Incomprensioni, veleni, silenzi e distanze

Pubblicato sabato 30 Marzo 2013 alle 12:40 da Francesco

Qualche giorno fa sono stato contattato da una persona che ha risieduto per diverso tempo nel mio cerebro. Non mi aspettavo più una parola da costei e invece ne ho ricevute di stimolanti, ma per quanto intenso, vasto e autentico, il mio entusiasmo si è rivelato evanescente.

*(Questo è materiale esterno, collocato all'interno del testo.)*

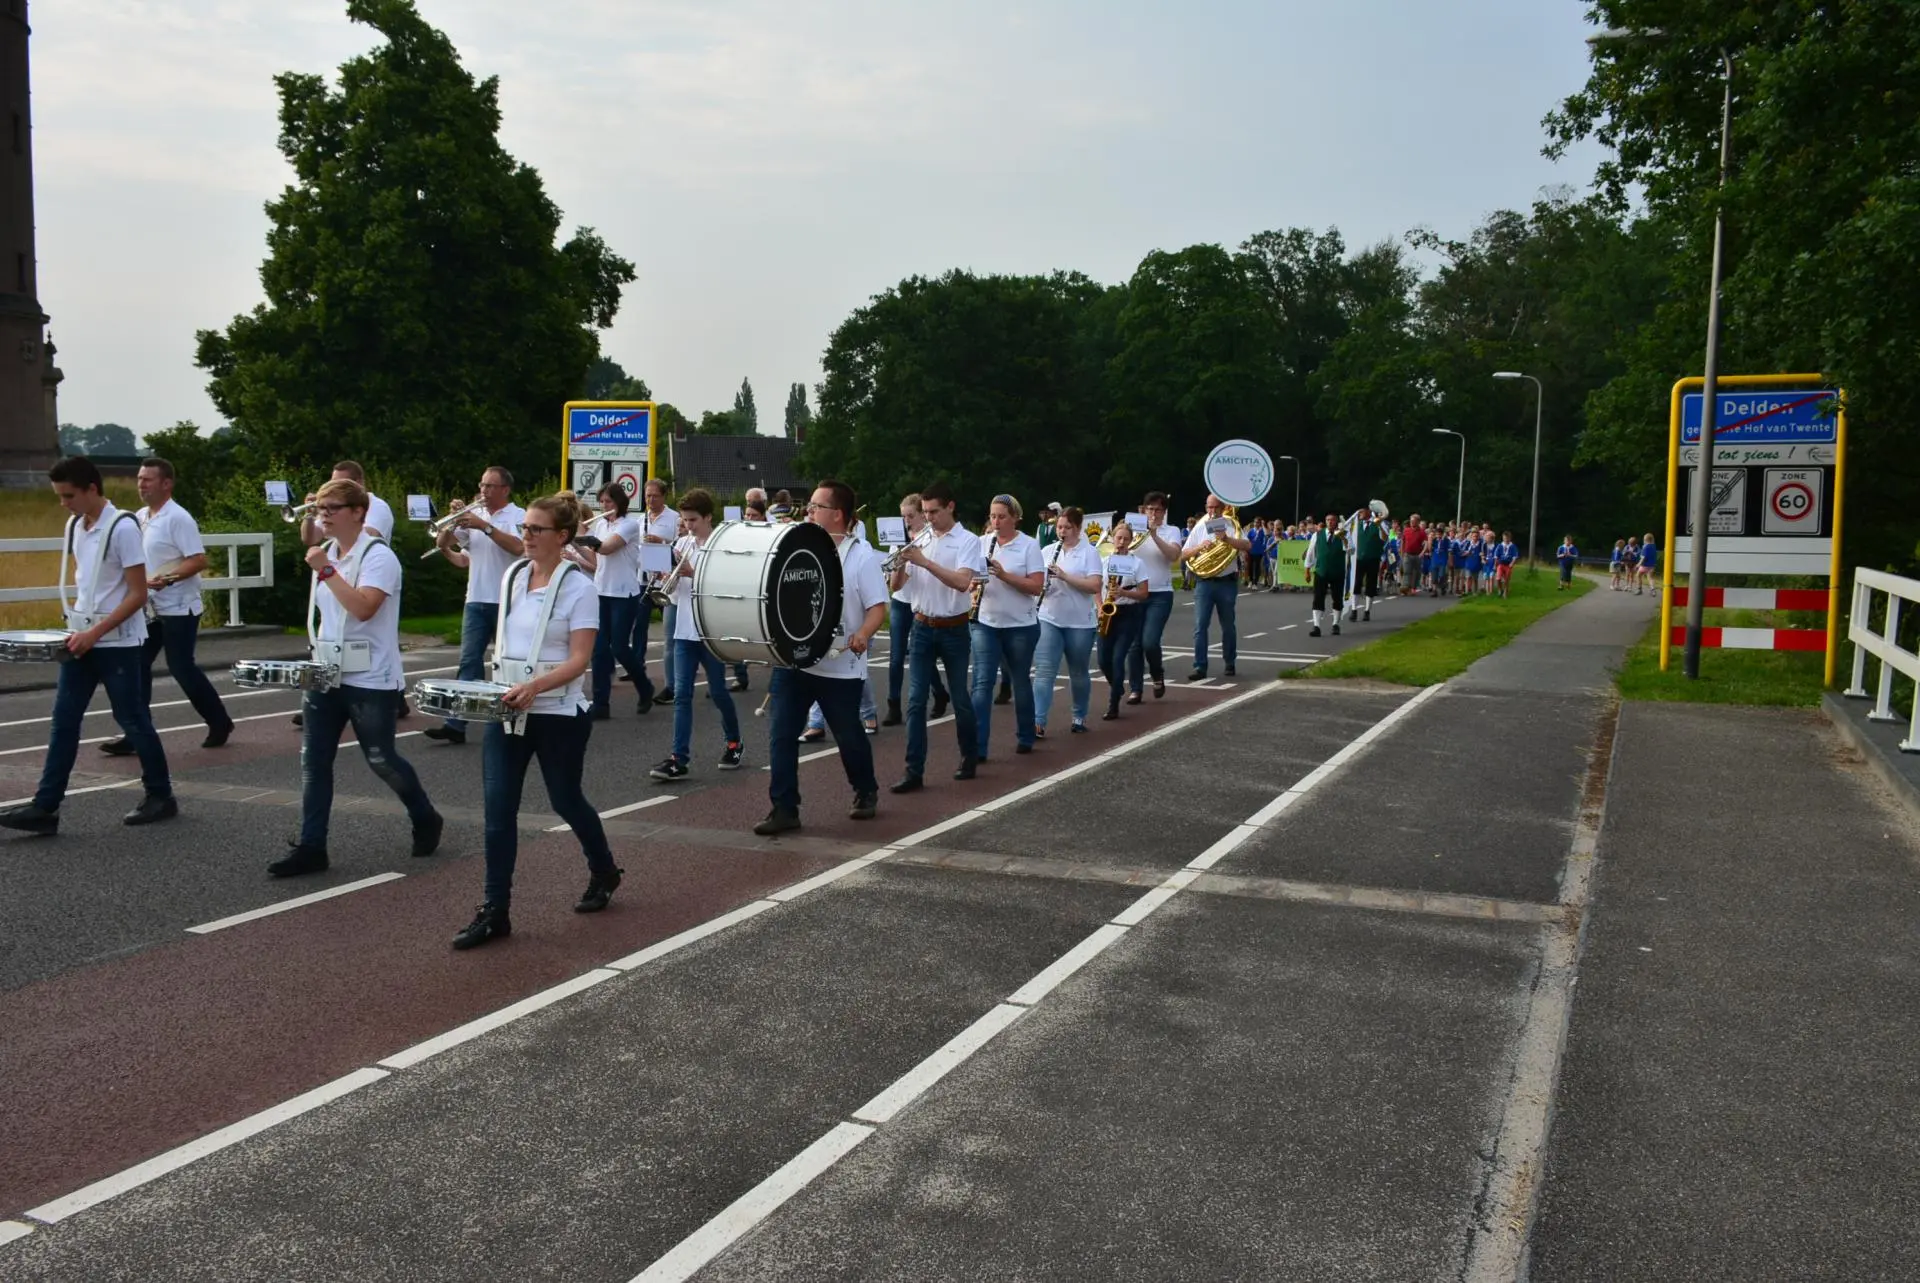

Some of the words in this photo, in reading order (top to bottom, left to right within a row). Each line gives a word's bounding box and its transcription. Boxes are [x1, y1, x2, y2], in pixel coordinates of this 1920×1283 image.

In me ha prevalso il risentimento e ogni altro proposito è andato a farsi fottere, tuttavia me ne sono reso conto quando avevo già intinto frasi e pause nel curaro. Non sono stato abbastanza lucido da capire l’errore che stavo per commettere o forse ho finto di non comprenderlo così da giustificare il mio sfogo, in ogni caso per me è divenuto tutto chiaro quando mi sono trovato al di fuori della conversazione, ovvero nel momento in cui quest’ultima è collassata. Ho provato a porre rimedio alla mia condotta, ma purtroppo non è servito ad un cazzo. In questa occasione il mio processo introspettivo non è scattato in tempo, ma ancora non riesco a capire se il ritardo sia stato intenzionale o se invece sia dipeso da una carenza temporanea della mia attenzione. Ho scontato l’inesperienza con l’altro sesso e forse anche una disillusione di fondo che io cerco comunque di tenere lontano dalle mie convinzioni. Ahimè non riesco ad avere sempre il controllo dei pensieri e probabilmente ne avrei ancora di meno se m’illudessi di poterlo avere del tutto. Ho perso l’occasione di conoscere una persona affine, però ancora una volta ho compreso i miei meccanismi interiori e così ho finito per accettare più facilmente il prezzo da pagare. Non penso che potesse esserci un inizio diverso per tale riavvicinamento, ma il seguito aveva dei margini di netto miglioramento. Per Freud le emozioni inespresse non muoiono mai, bensì restano sepolte vive e sono destinate ad uscire in modo più brutto: sulla base di questa citazione tendo a credere che una partenza furente come quella di cui sopra avrebbe potuto rivelarsi addirittura propedeutica se fosse stata intesa come una tabula rasa da cui ricominciare a discutere.
Non sono nato imparato e tento di rimediare agli errori senza aspettarmi una seconda, una terza, una quarta, o un’ennesima possibilità; anzi, il mio difetto maggiore forse consiste proprio nella cattiva abitudine di non attendermi manco la prima chance. Ho una personalità spigolosa e merito di non avere nessuno accanto, ma devo ancora stabilire se si tratti di una ricompensa o di un castigo. Mi viene da ridere perché la mia storia è costellata di aborti relazionali, infrequenti e distanti, diversi in tutto meno che nella nullificazione: una mistura tragicomica di romanticismo autistico, di ironia nera e di fraintendimenti tanto puntuali quanto pedanti. Più passano gli anni e più mi convinco che l’unico linguaggio affidabile sia quello del corpo: la Torre di Babele è un ecomostro, nel senso che i suoi echi contengono tutta la mostruosità della confusione. D’ora in avanti, per quanto possibile, mi affiderò alla fisiognomica: il raziocinio se ne farà… una ragione!